No pictures belong in the answer. Repeat all the entries exactly.

##### DATASET RECORDS #####

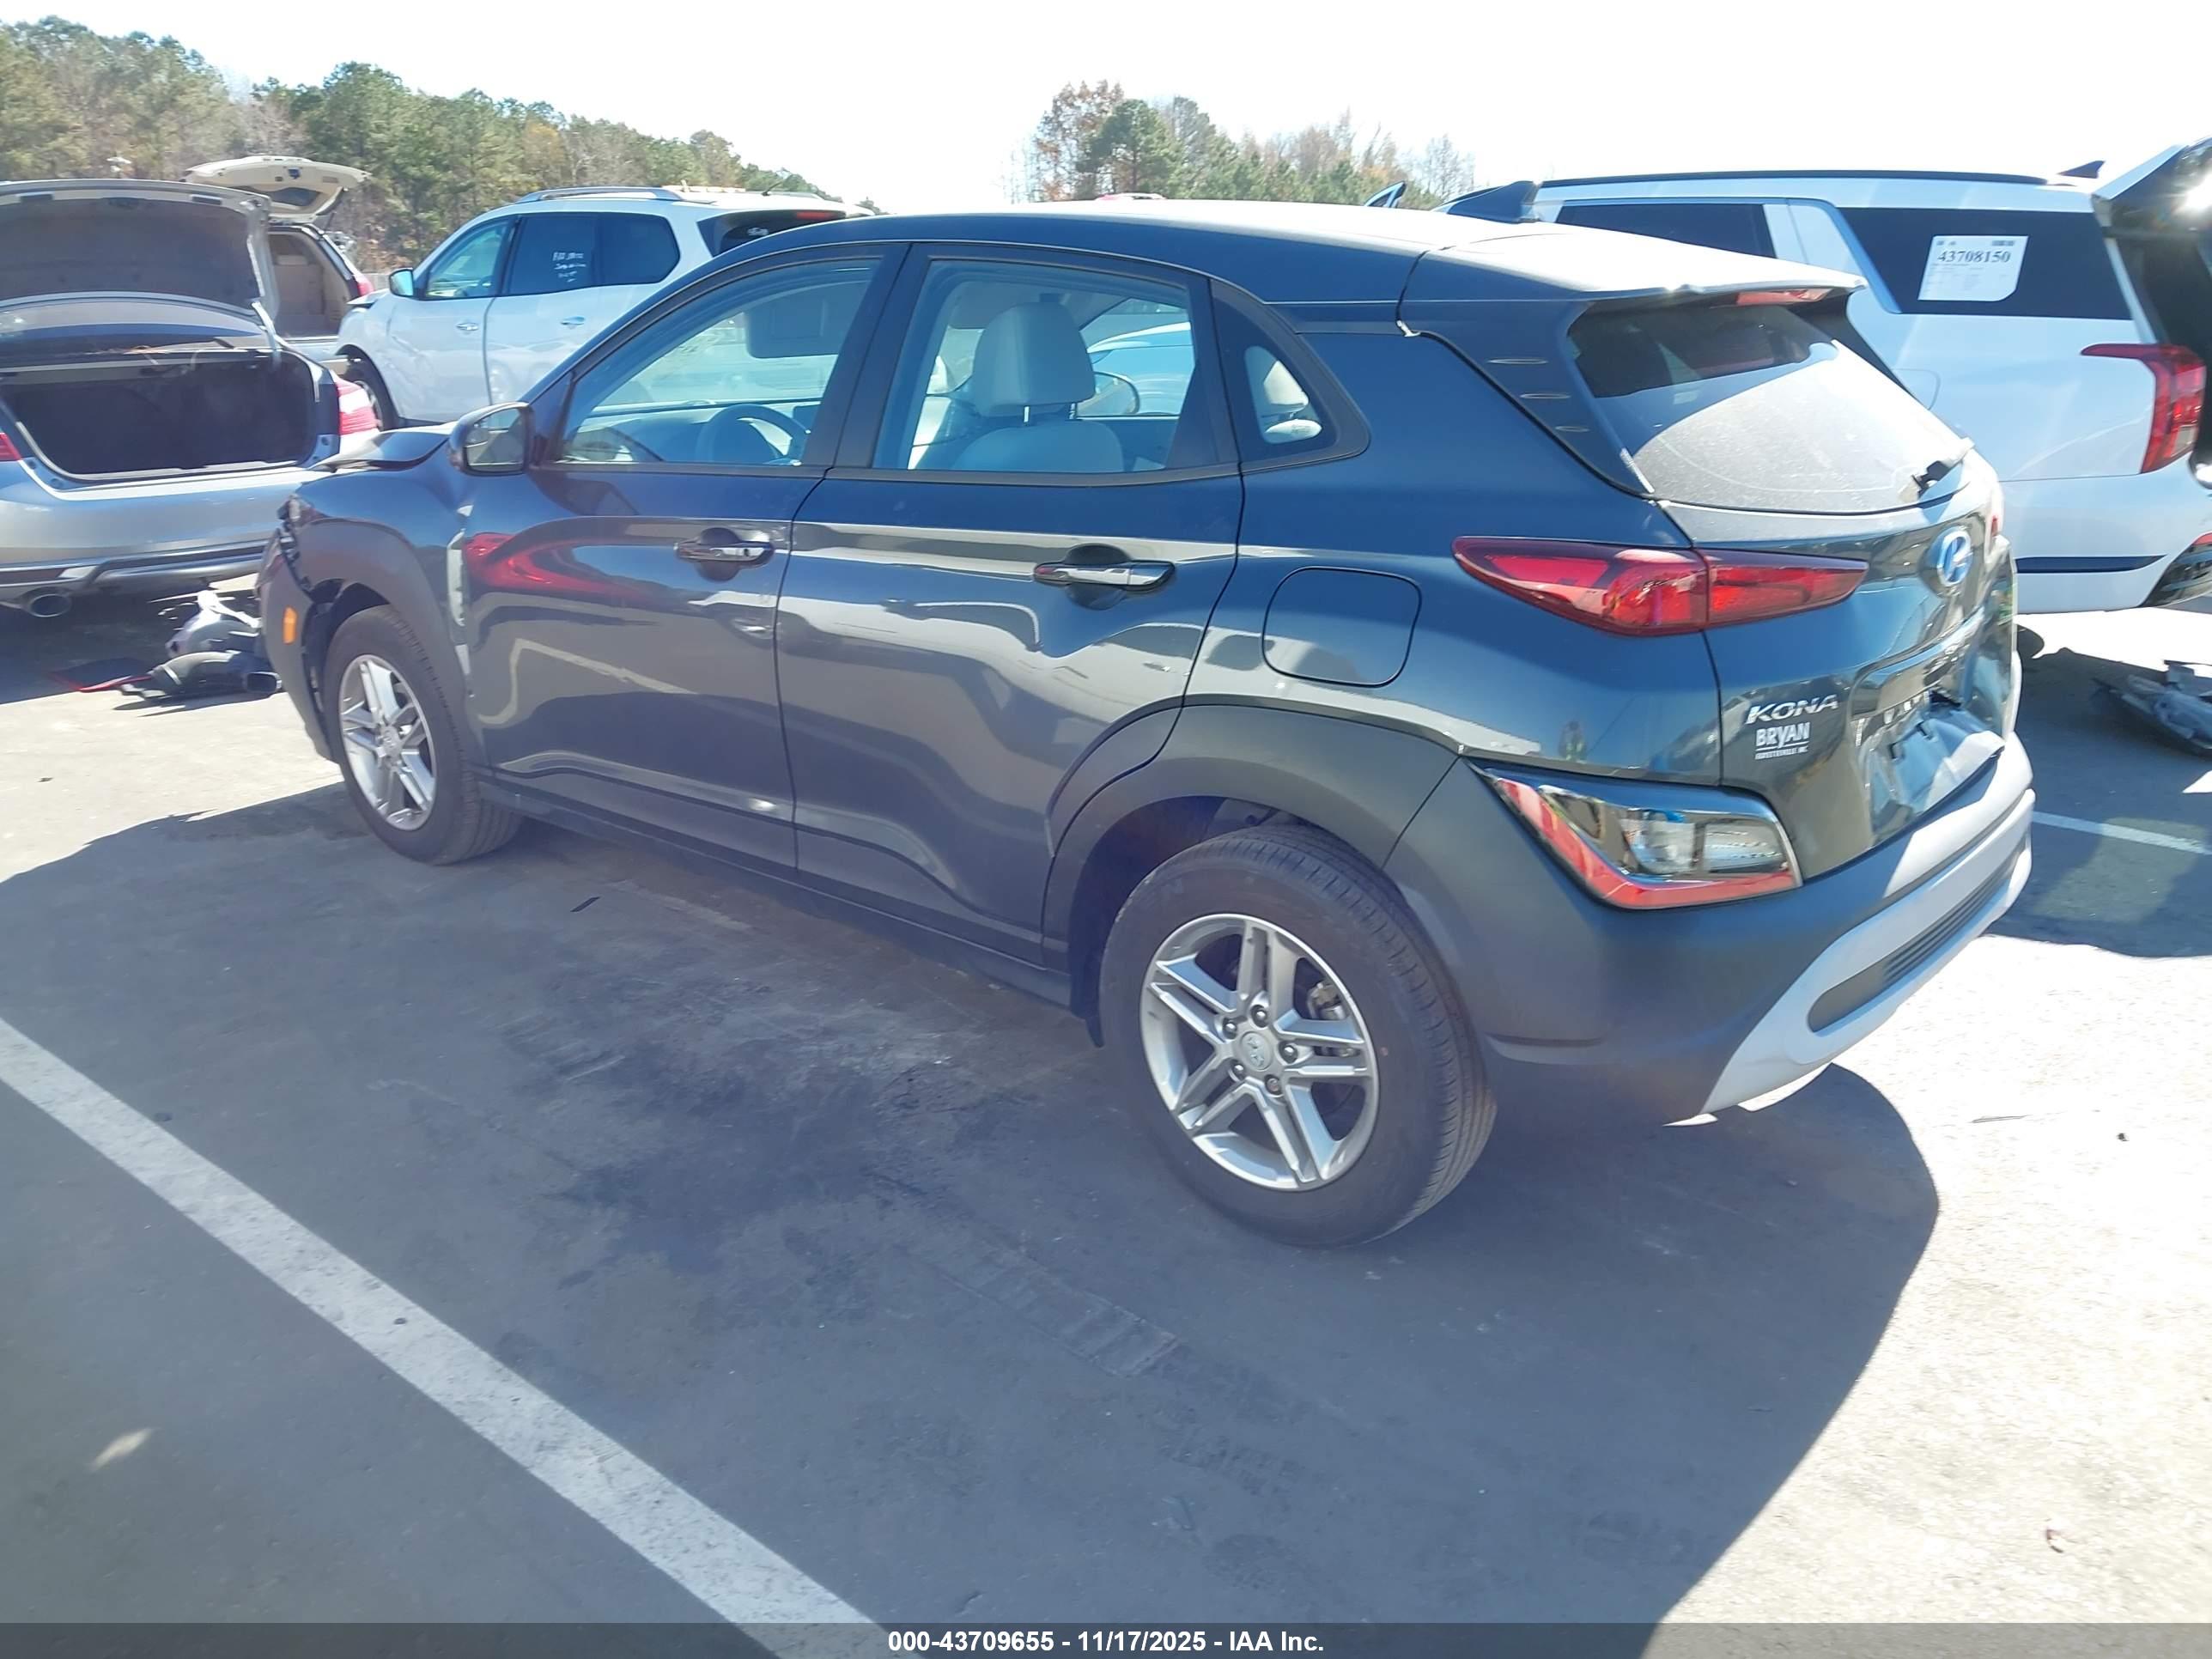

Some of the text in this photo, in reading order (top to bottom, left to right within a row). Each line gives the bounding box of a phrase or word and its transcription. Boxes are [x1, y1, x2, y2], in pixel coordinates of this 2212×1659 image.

[1937, 250, 2011, 263] 43708150
[1745, 694, 1838, 725] KONA
[1756, 721, 1810, 748] BRYAN
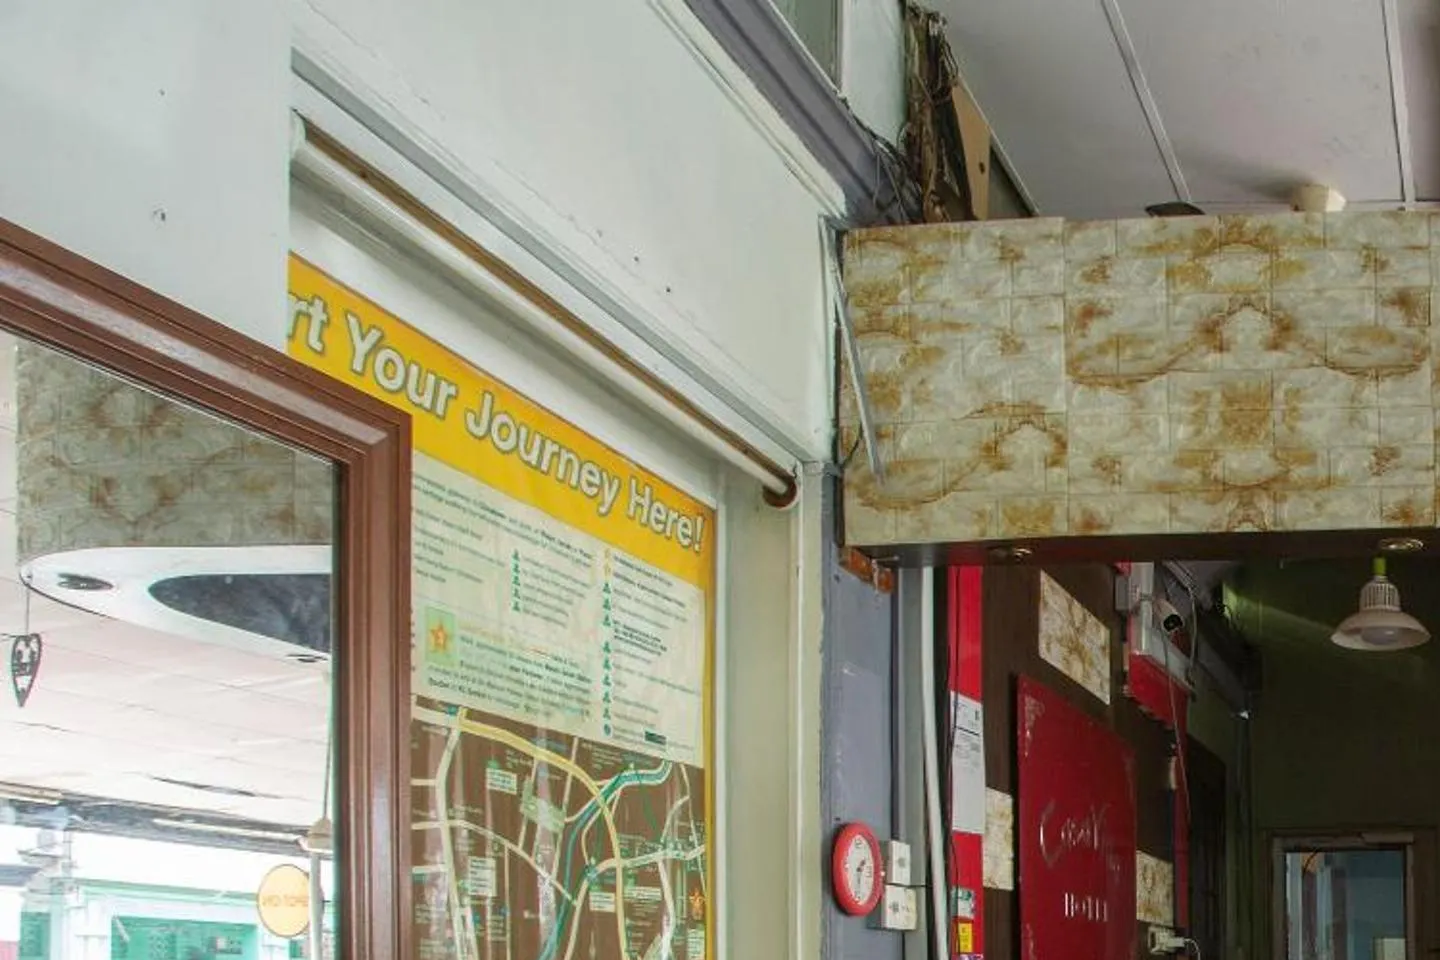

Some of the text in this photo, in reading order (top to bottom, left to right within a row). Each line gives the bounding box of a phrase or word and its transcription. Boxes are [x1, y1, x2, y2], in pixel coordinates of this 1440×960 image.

[344, 309, 459, 421] Your
[464, 391, 622, 516] Journey
[626, 475, 705, 552] Here!
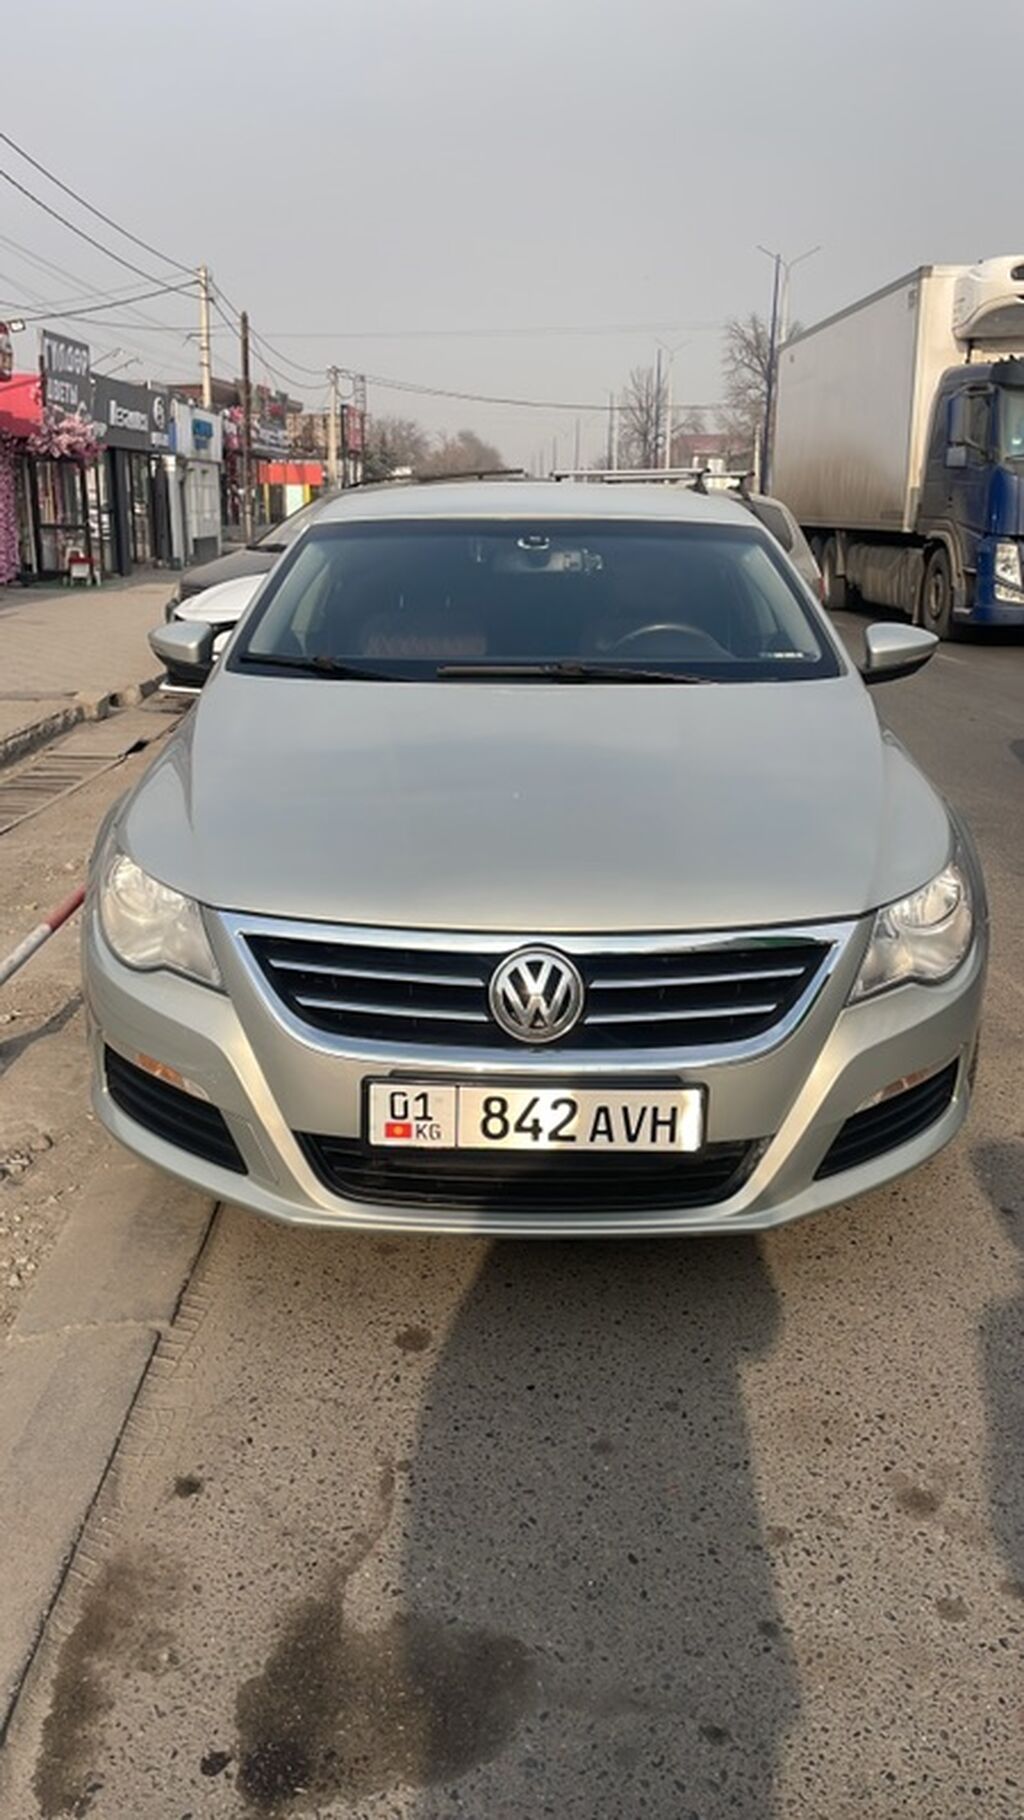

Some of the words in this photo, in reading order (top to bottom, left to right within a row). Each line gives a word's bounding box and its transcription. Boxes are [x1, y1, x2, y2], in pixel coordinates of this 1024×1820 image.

[494, 952, 577, 1036] VW
[390, 1091, 433, 1121] 01
[480, 1096, 578, 1143] 842
[589, 1105, 677, 1143] AVH
[416, 1123, 441, 1141] KG
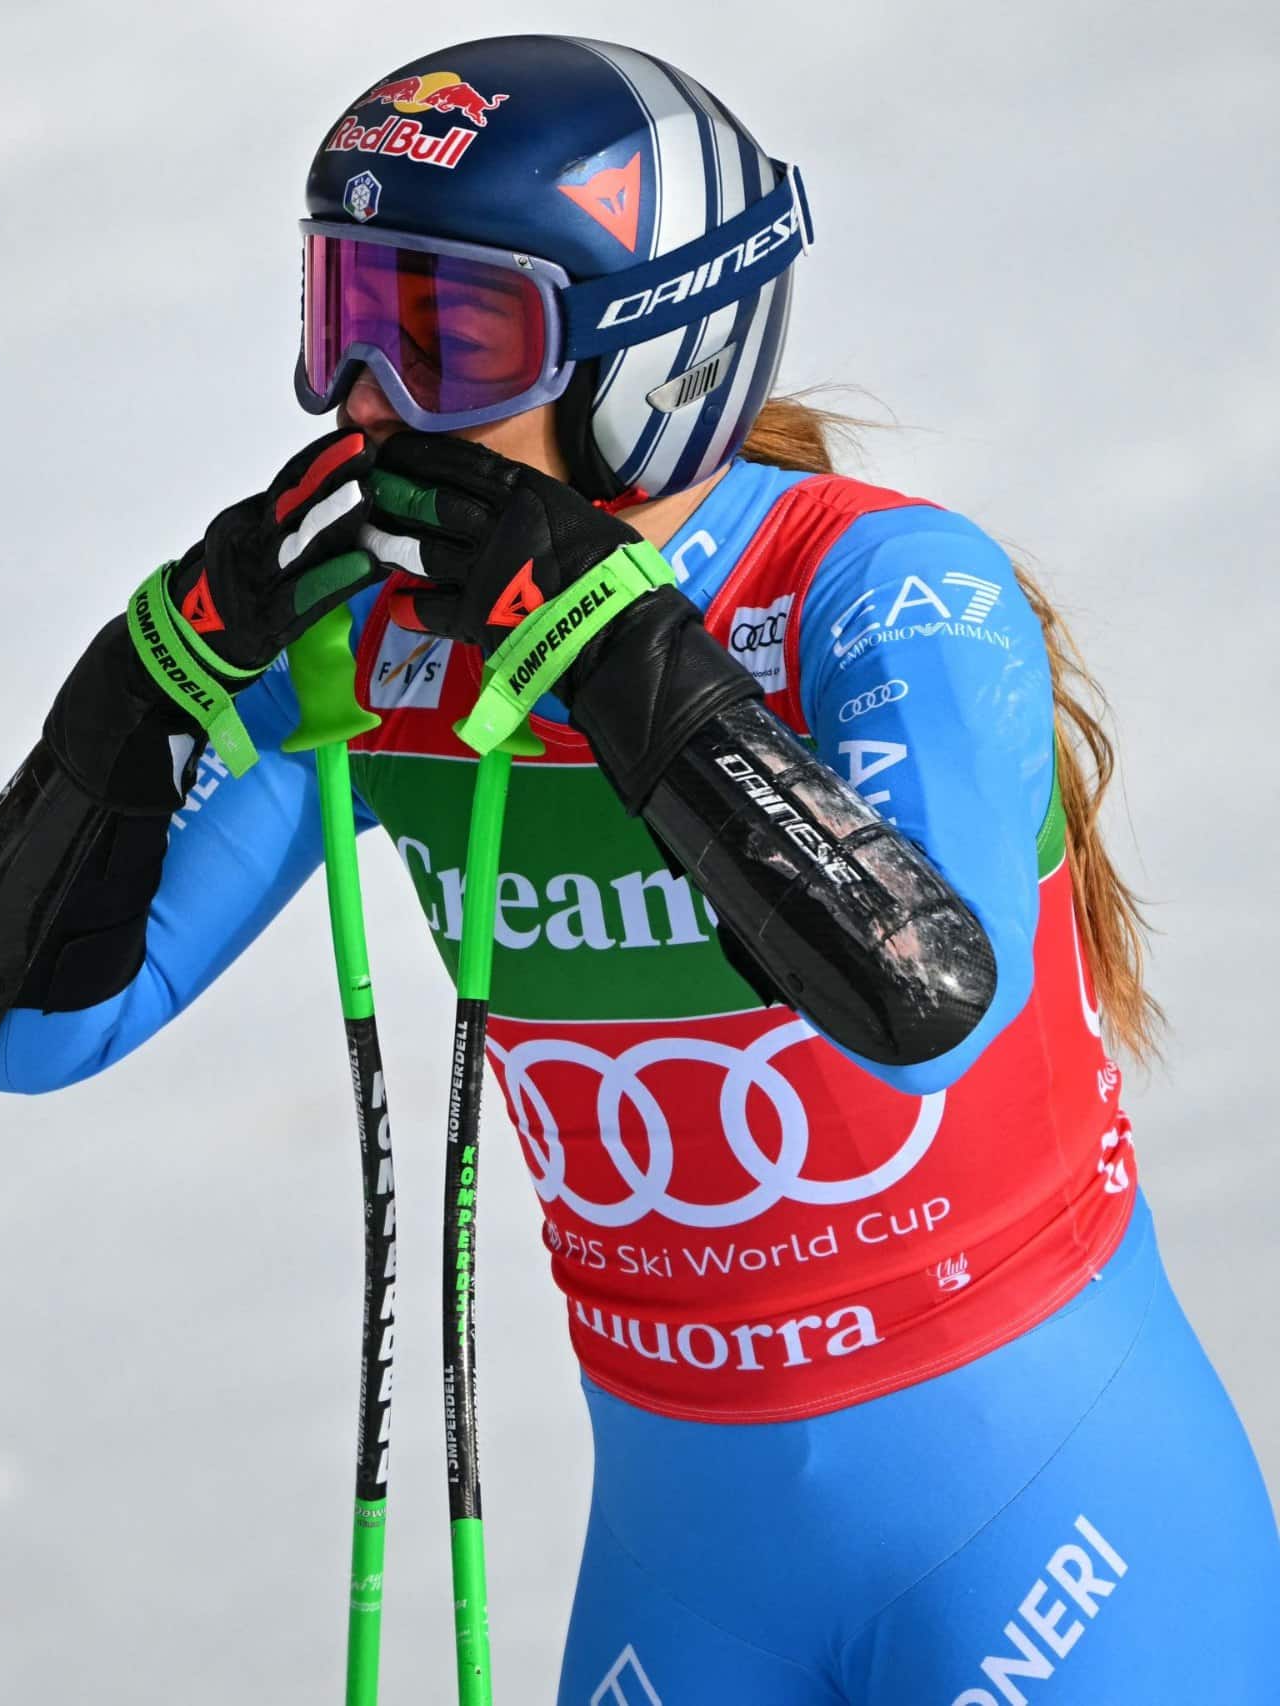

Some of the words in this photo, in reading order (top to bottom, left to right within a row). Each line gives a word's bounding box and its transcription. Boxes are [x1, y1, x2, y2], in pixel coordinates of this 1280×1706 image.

#####

REPLY TO THE EXERCISE:
Some of the text in this photo, in reading order (top to bottom, left to right within a row). Each line gives the bounding box of a phrase or word and its transcription. Boxes are [x1, y1, x2, y2], in pixel coordinates of this 2212×1659 image.

[1937, 250, 2011, 263] 43708150
[1745, 694, 1838, 725] KONA
[1756, 721, 1810, 748] BRYAN

Some of the text in this photo, in reading order (top to bottom, left to right within a row). Each line gives the bounding box of a phrase or word and its transcription. Boxes are [x1, y1, x2, y2], in pixel coordinates of this 1440×960 image.

[344, 309, 459, 421] Your
[464, 391, 622, 516] Journey
[626, 475, 705, 552] Here!

Some of the words in this photo, in reading order (top to bottom, left to right within a row). Each line gives a word's bounding box and its transcription. Boxes are [x1, y1, x2, y2], in pixel coordinates of this 1024×1820 image.

[494, 952, 577, 1036] VW
[390, 1091, 433, 1121] 01
[480, 1096, 578, 1143] 842
[589, 1105, 677, 1143] AVH
[416, 1123, 441, 1141] KG

Some of the words in this photo, in reading order (top to bottom, left to right within a row). Each line gives a word's bounding box and its transcription. Boxes are [x1, y1, x2, y2], in pixel coordinates of this 1280×1706 image.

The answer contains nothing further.